Purpose: In the wake of growing environmental issues, active public and corporate interventions are inevitable to reduce the negative impact of human activities on global environments. Building on the Norm Activation Model and Value-Belief-Norm Theory, the purpose of this paper is to report on research exploring consumers’ eco-socially conscious behaviours related to the choice and use of personal cars in a developing country, Pakistan.
Design/methodology/approach: To test a moderated-mediation model of environmental values, perceived consumer effectiveness (PCE), spirituality and eco-socially conscious consumer behaviours (ESCCBs), data were collected from 447 customers of three automobile manufacturing firms from eight different cities of Pakistan. The data collection was undertaken by using a self-administered questionnaire based on key themes in the literature.
Findings: Analysis of the data revealed that altruistic and egoistic values were negatively while biospheric values were positively associated with eco-ESCCB. PCE mediated all the relationships and spirituality moderated the mediated paths.

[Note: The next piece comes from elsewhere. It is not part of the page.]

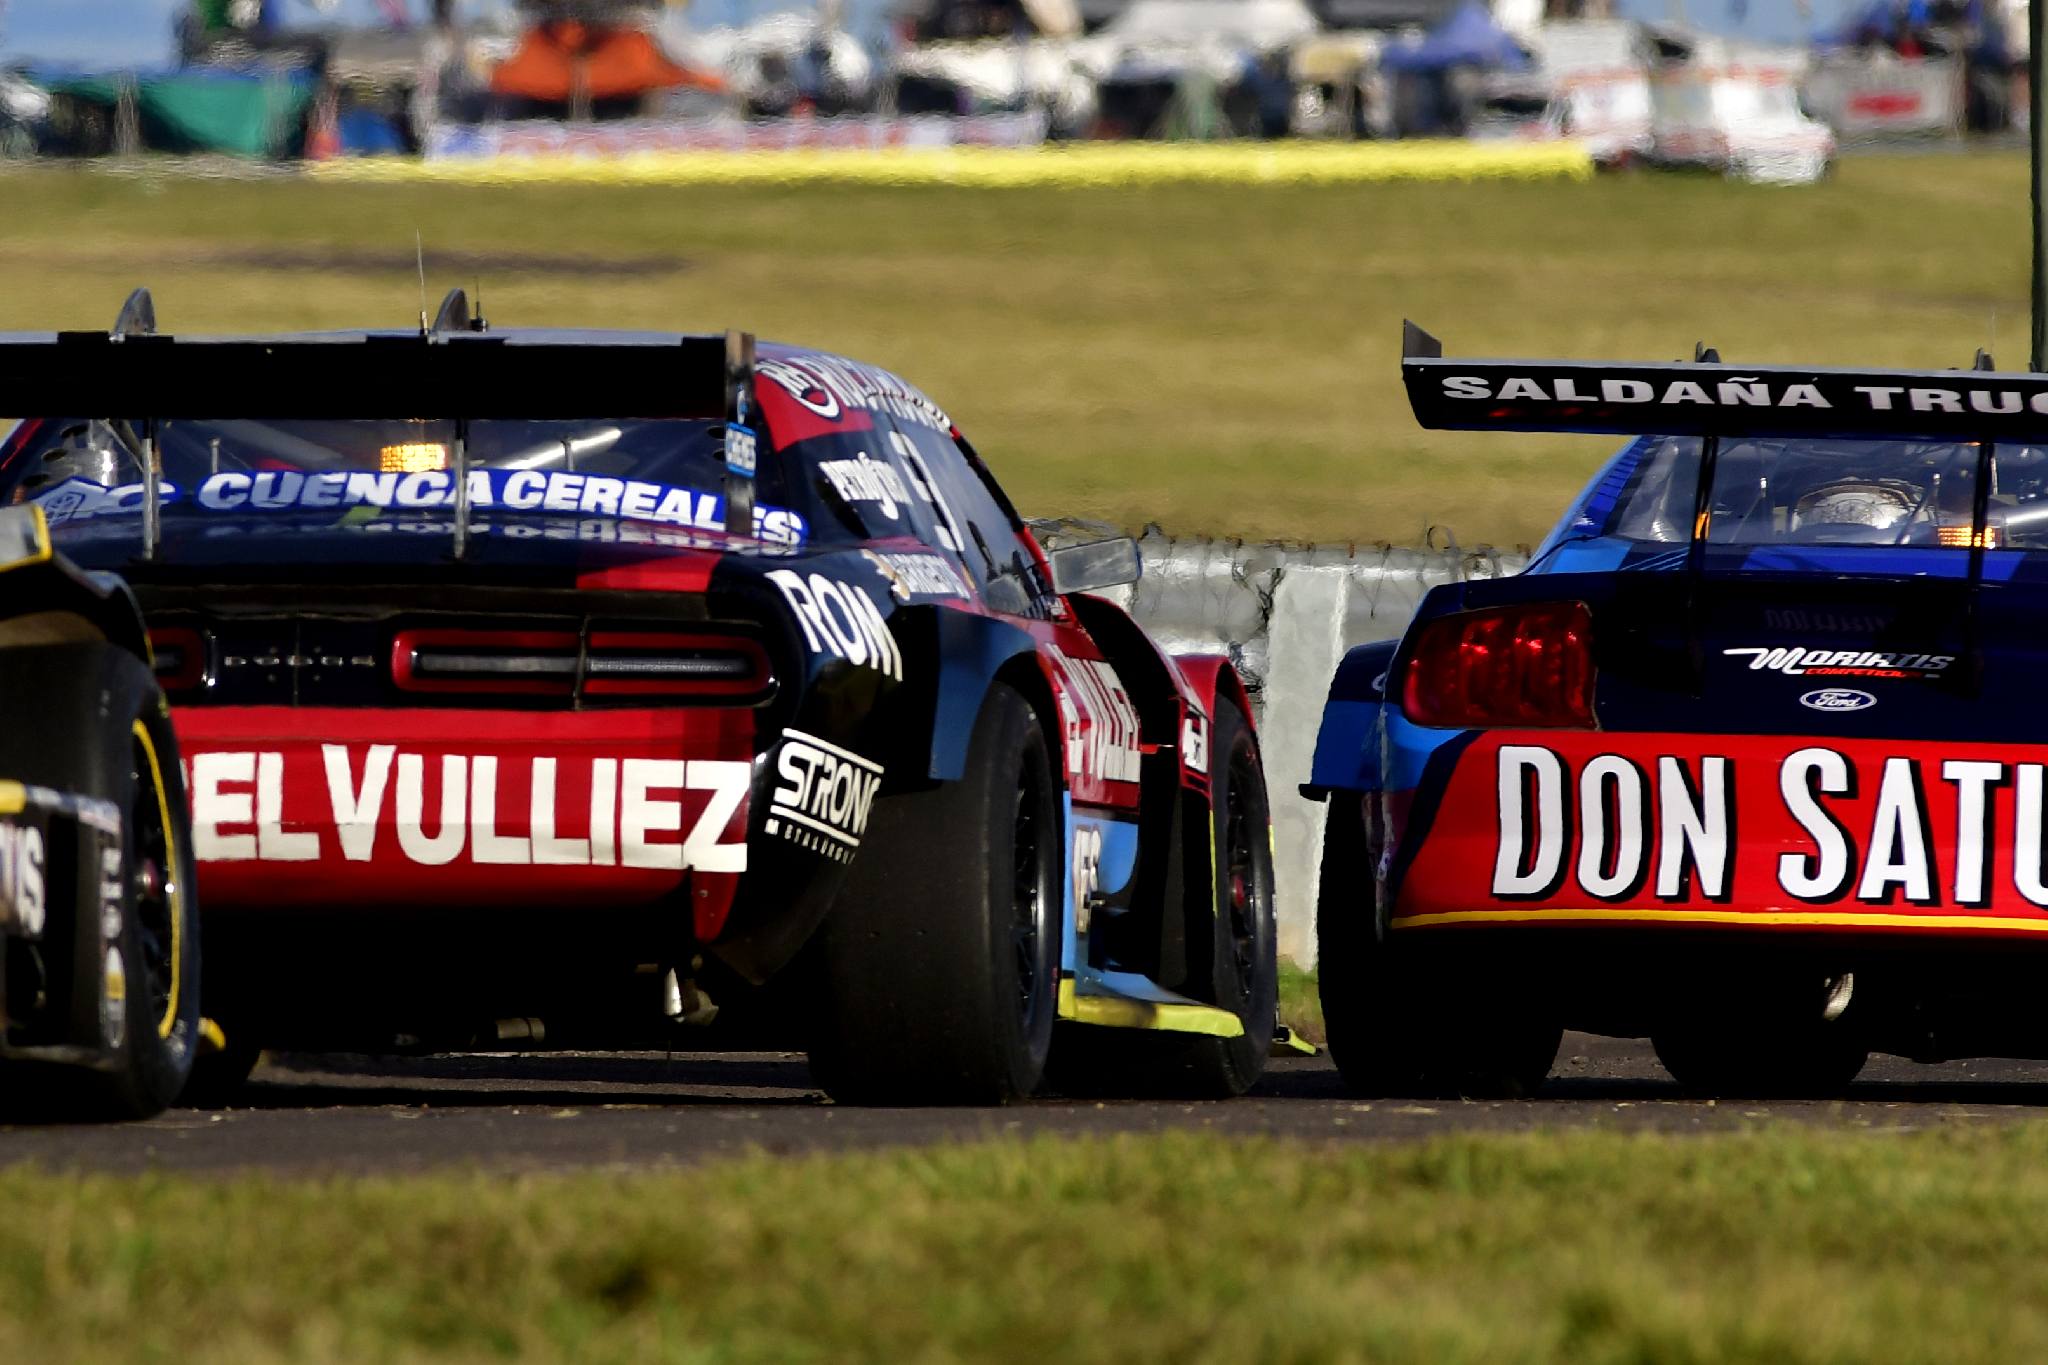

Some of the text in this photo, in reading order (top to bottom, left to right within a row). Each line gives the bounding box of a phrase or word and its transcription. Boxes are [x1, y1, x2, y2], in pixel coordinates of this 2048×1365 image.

[200, 470, 490, 508] CUENCA
[181, 743, 748, 873] EL VULLIEZ
[1492, 745, 2048, 906] DON SATU
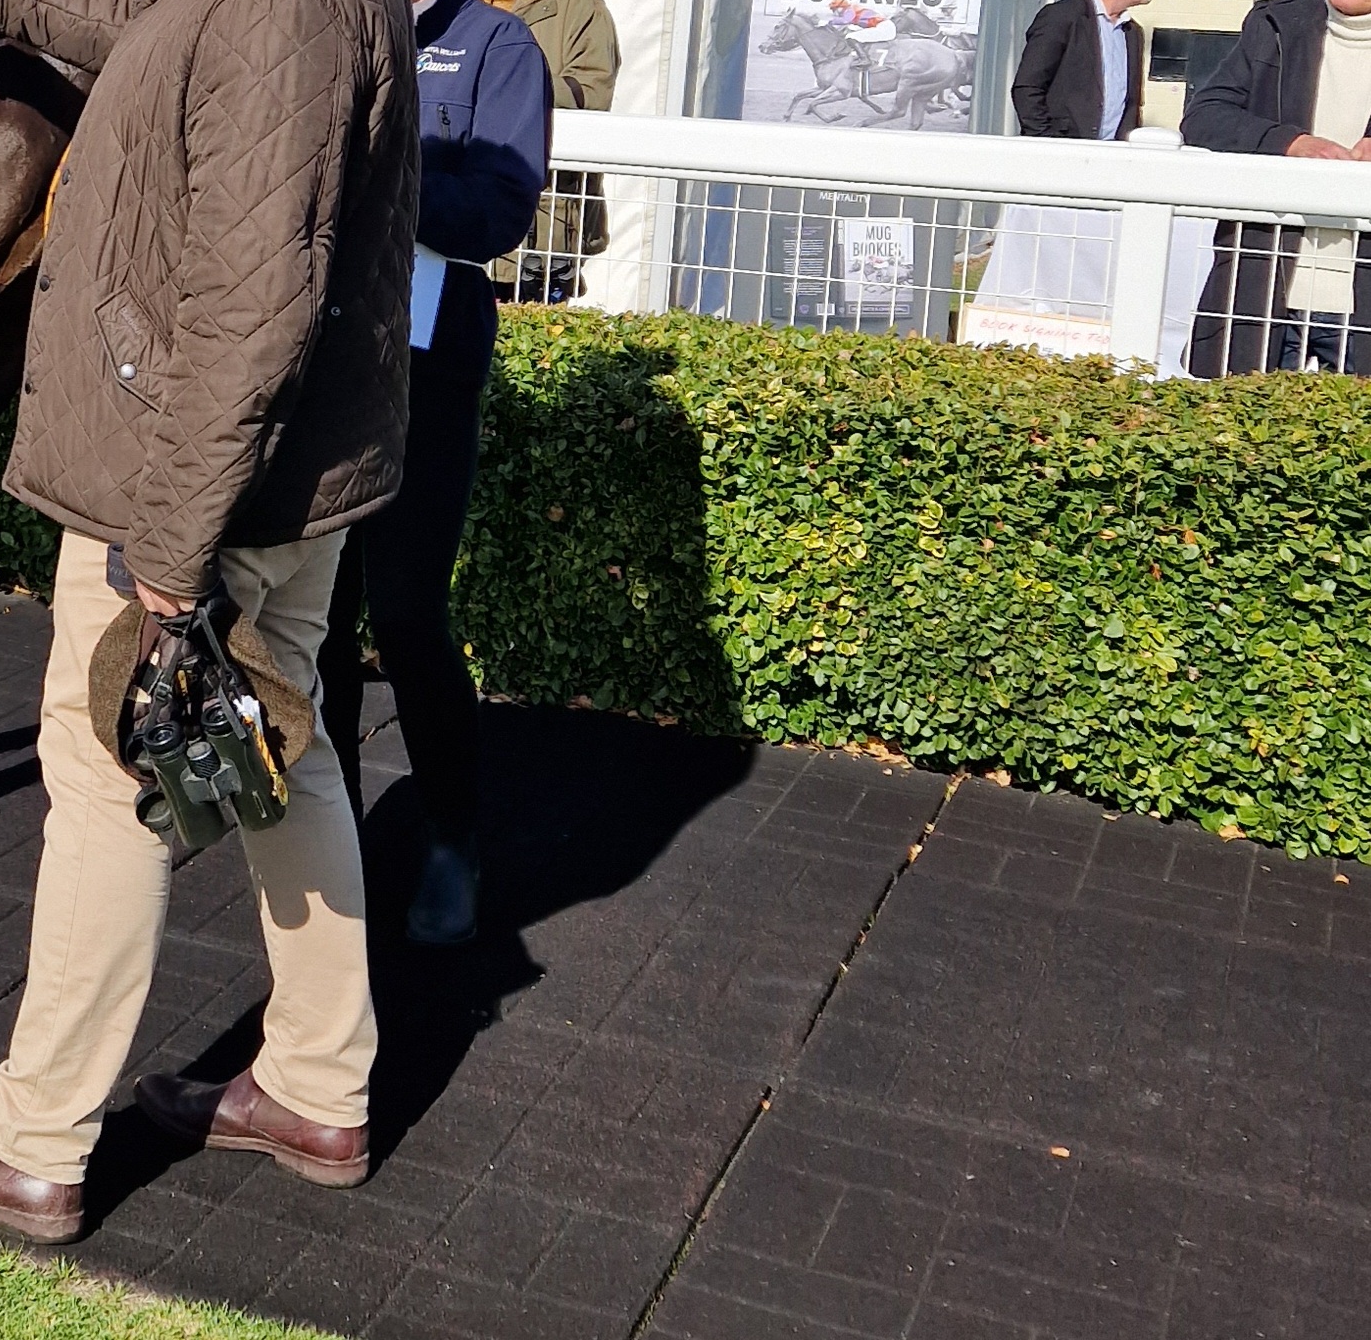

Originality/value: Although there are several models that explain purchase and use of personal cars in isolation or in conjunction with other general pro-environmental behaviours, an explanation of the eco-social aspects of purchase and use of personal cars in one theoretical model is rare to find. Second, among the many theoretical predictors and intervening factors explaining several pro-environmental behaviours, some culture-specific factors have been ignored – spirituality being one of them. This study contributes to the body of knowledge related to pro-environmental behaviours by conceptualising and testing the impact of spirituality in a moderated-mediation model.